# Showing this weekend after a bad week.



## Cdnjennga (Jul 30, 2009)

Poor Jas, hope he heals quickly! Good luck in the show this week-end. And congrats to your son! I remember my high school graduation like it was yesterday, rather than 11 years ago now (blah!)


----------



## pudel luv (Jan 23, 2010)

May the "heathen" stay hidden in the show ring this weekend .

Hope the healing process is swift and that no more incidents arise. 

Best of Luck, Jasper:rainbow:.


----------



## Winnow (Jan 2, 2010)

Best of luck. 
Hope he will do super well and remain injury free


----------



## pudlemom (Apr 16, 2010)

Go Jasper Go,:cheer2: were cheering for you !!


----------



## jester's mom (Nov 25, 2008)

Man, some weeks you just CAN'T win! Wishing Jasper the best in his show. Hopefully he will perform like a charm!


----------



## 4theLOVEofPOODLES (May 13, 2010)

These things happen and at the most inconvenient time! Will be rooting for him and his handler and Best Of Luck to him! Reguardless of what happens...be proud of him and know it's great for him to get the experience! I also think its good he is getting the experience of being shown by someone other than mom...its like letting your kids outta sight for a few to let them do a bit of growing up!


----------



## Rockporters (Jan 14, 2010)

Thanks for the good thoughts everyone!

Both days were hot and humid. I NEVER complain about being hot, because I never am, but it was miserable under that grooming tent! We arrived a couple of hours early to get Jas used to sights and sounds, and to help wear him out a bit. (after the injuries we couldn't exercise that week)

Saturday the handler took him in. He did okay, but his gait was a bit jumpy. He took reserve over an adult which was pretty good considering. Because he didn't show as well as he could have the handler thought it might help if I took him in on Sunday. 

On Sunday it was sooooo hot and sticky again. His attitude/behavior was pretty good until the judge ran late getting to the ring. We waited an extra 20 minutes or so, which seems to have been 5 minutes longer than what Jas could manage in the heat/humidity. He was a total goober and had mental meltdown. He jumped while going around, moved when the judge went to touch him, and was just generally uncooperative. I knew we were screwed going in, I should have pulled him as soon as I realized it. (can you do that?!)
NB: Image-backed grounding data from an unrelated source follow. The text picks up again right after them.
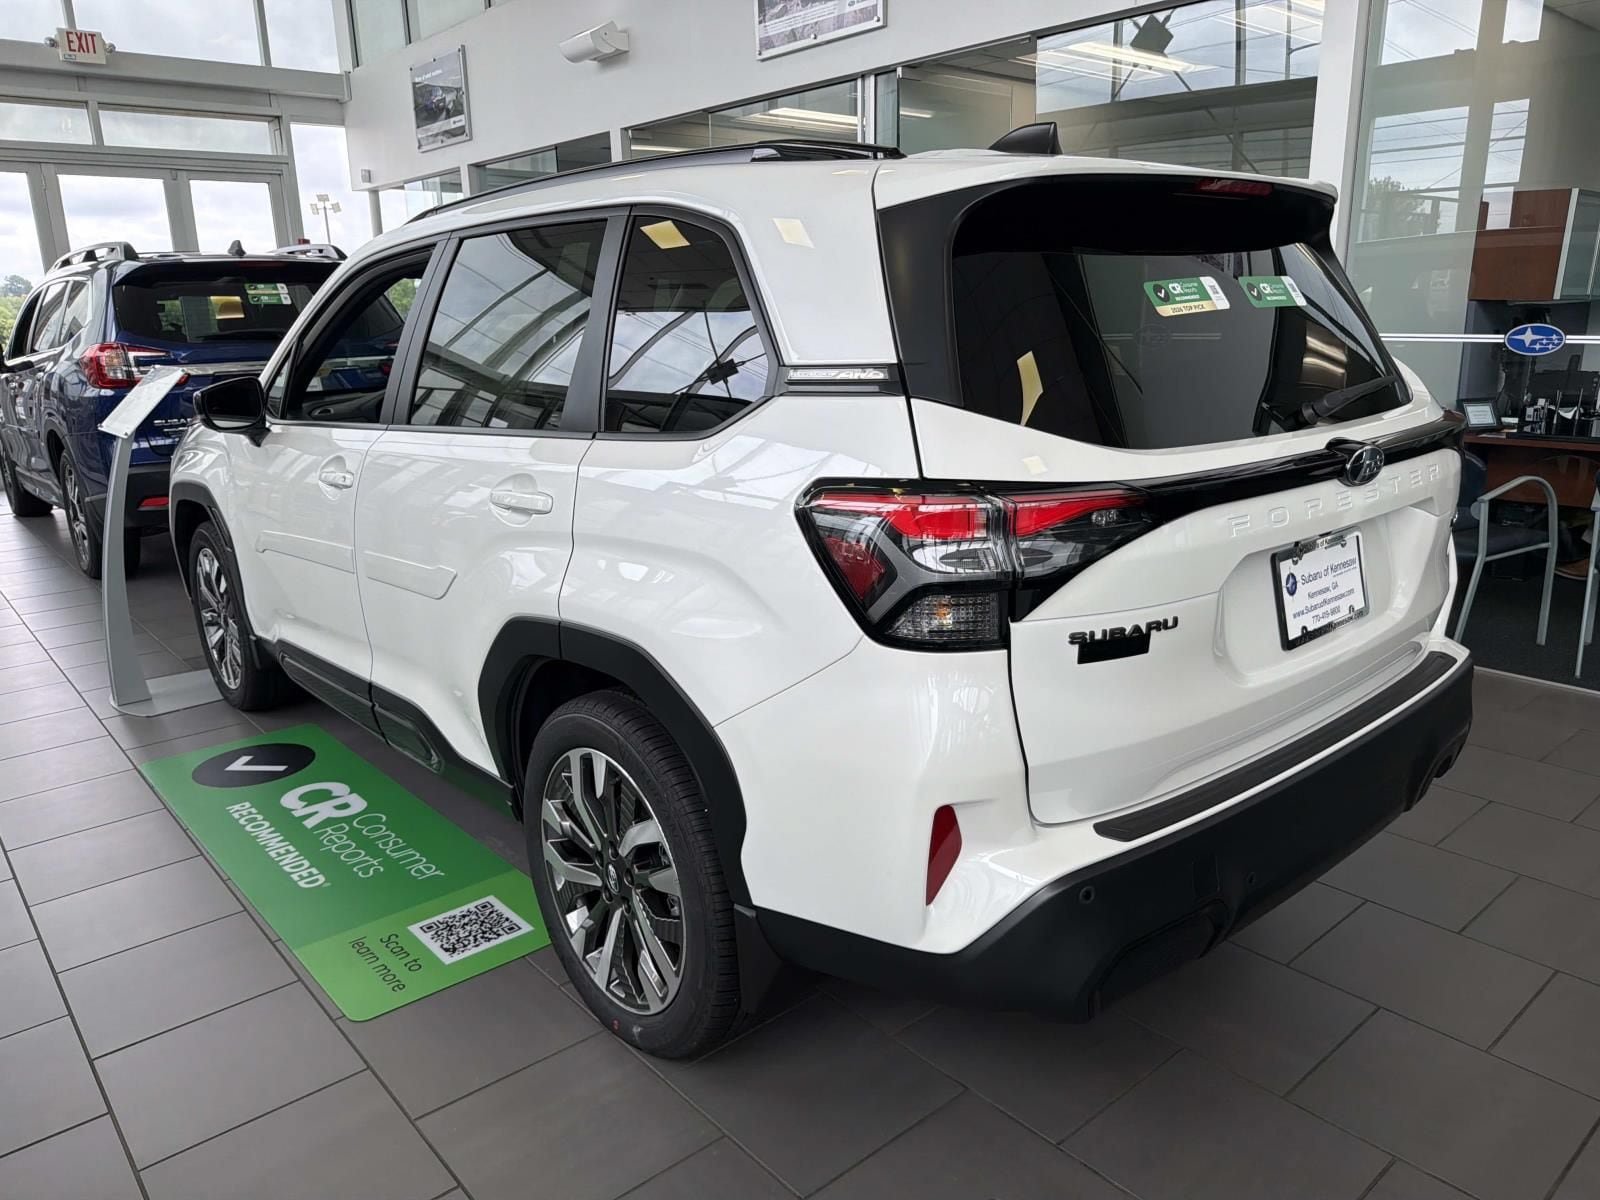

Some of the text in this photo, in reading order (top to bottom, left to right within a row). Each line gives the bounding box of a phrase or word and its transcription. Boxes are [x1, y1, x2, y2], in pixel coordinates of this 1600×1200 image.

[66, 31, 96, 54] EXIT
[1169, 283, 1184, 294] CR
[1228, 464, 1440, 538] FORESTER
[1300, 571, 1323, 586] Subaru
[1323, 566, 1330, 579] of
[1330, 557, 1357, 575] Kennesaw
[1331, 581, 1339, 591] GA
[1068, 615, 1179, 645] SUBARU
[280, 781, 368, 829] CR
[313, 823, 384, 878] Reports
[352, 813, 445, 879] Consumer
[349, 936, 406, 993] learn more
[379, 933, 422, 973] Scan to
I've decided to make a few changes going forward. He just melts in the heat. When it's nasty hot outside we'll arrive closer to show time. He's a puppy and really only needs fluffed before going into the ring. At some of the shows I can park close so can even take an A/C break if needed. Edited to add: I should clarify that he always has a grooming appointment the day before the first show of the weekend, which is why he only needs fluffed.

He got caught in the rain on Saturday with hairspray which was a mess to brush out for Sunday. He has a nice shiny coat so until absolutely necessary we're not doing hairspray anymore. Truth be told, I hate how the hair and texture look with it anyhow. Nearly all of the dogs had so much in their hair that they look like a bad Aquanet commercial . Anyhow his hair is beautiful as is so that's how we'll show while we can get away with it.
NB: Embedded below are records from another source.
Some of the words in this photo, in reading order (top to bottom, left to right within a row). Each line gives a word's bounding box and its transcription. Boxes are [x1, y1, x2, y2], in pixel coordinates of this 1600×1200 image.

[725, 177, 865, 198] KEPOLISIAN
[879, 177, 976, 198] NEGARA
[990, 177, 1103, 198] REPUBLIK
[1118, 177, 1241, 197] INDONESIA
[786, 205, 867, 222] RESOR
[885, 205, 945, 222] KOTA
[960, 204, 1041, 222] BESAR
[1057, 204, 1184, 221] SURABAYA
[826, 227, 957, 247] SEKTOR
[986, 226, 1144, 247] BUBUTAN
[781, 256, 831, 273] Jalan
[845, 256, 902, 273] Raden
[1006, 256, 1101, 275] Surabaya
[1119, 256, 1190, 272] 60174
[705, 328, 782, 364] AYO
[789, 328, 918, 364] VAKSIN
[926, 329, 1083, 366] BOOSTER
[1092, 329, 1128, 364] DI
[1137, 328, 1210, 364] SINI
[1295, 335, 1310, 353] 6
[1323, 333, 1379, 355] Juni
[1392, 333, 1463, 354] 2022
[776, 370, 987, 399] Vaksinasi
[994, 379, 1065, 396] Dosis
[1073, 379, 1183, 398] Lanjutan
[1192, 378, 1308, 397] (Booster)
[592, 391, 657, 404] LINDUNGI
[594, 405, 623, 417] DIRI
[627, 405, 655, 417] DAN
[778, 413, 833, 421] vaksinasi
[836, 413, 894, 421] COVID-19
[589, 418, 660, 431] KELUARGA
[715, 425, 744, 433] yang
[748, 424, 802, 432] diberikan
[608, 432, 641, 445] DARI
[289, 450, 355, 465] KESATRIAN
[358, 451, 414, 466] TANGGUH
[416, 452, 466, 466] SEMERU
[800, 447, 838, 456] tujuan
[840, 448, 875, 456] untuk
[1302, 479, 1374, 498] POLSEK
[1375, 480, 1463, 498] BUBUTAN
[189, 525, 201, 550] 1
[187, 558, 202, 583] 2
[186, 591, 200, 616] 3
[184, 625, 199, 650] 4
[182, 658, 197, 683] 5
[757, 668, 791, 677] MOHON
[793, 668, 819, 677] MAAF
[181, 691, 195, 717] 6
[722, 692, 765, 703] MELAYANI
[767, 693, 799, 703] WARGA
We're not going to schedule two days in a row anymore. We'll try doing a Friday and Sunday, then if that's too much we'll cut back to just one day. If that is still not working we'll take time off until he matures. 

So that's the scoop! One okay day, and one heathen day LOL.


----------



## cbrand (Aug 9, 2009)

It's Ok. These things happen. Your dog is very nice and his time will come, don't worry.


----------



## roxy25 (Dec 18, 2008)

Sorry to hear about the show , yes you can pull a dog you just don't go to the ring when called or tell show stewart your pulling him from the ring.

On last Sat's show some ones puppy won BOB and they did not go to group because it was too hot.


----------



## cbrand (Aug 9, 2009)

roxy25 said:


> Sorry to hear about the show , yes you can pull a dog you just don't go to the ring when called or tell show stewart your pulling him from the ring.
> 
> On last Sat's show some ones puppy won BOB and they did not go to group because it was too hot.


Yes but understand that if you pull a dog it can affect the number of points that the other competitors get. Out of courtesy, you should keep your dog in unless there is a real problem.


----------



## PaddleAddict (Feb 9, 2010)

Rockporters said:


> Nearly all of the dogs had so much in their hair that they look like a bad Aquanet commercial


LOL! Thank you so much, I needed that laugh today.


----------



## pudel luv (Jan 23, 2010)

Ditto.That aquanet comment was hilarious. Humor is the best medicine .


----------



## Rockporters (Jan 14, 2010)

Thanks Carol, and all. We're getting "back on the horse" tomorrow. Luckily this show is VERY close to home, only 30-40 minutes away. 

Glad I could give you all a laugh about the hairspray .

Will let you guys know how it goes!


----------



## wishpoo (Sep 12, 2009)

Rock - hey, missed your announcements completely - so sorry : (((

Wishing you the best of luck in coming shows !!!! Jas will get Ch title with no problem sooner or later - do not even worry about it !!!! Make it fun for both of you as much as you can. Easy to say , I know ...

Keep us posted :coffol:


----------



## spoospirit (Mar 10, 2009)

_Heat melt downs...we know all about that. Billy can only take so much of it and then he is done too. Sorry to hear it didn't go as well as you had hoped. I'm sure with some time he will come around and you will be telling us all about your new champion!!__ Good luck with your new plan. I hope it works for him._


----------



## Harley_chik (Nov 7, 2008)

Congratulations on the reserve win and I'm sorry about day two. You sound like a very dedicated dog "mom" and I'm sure Jasper will have a great show career. 

If the BOV/BOB is pulled from the group, does another dog (BOS or reserve winner) get to take it's place or is the breed/variety just not represented in the group?


----------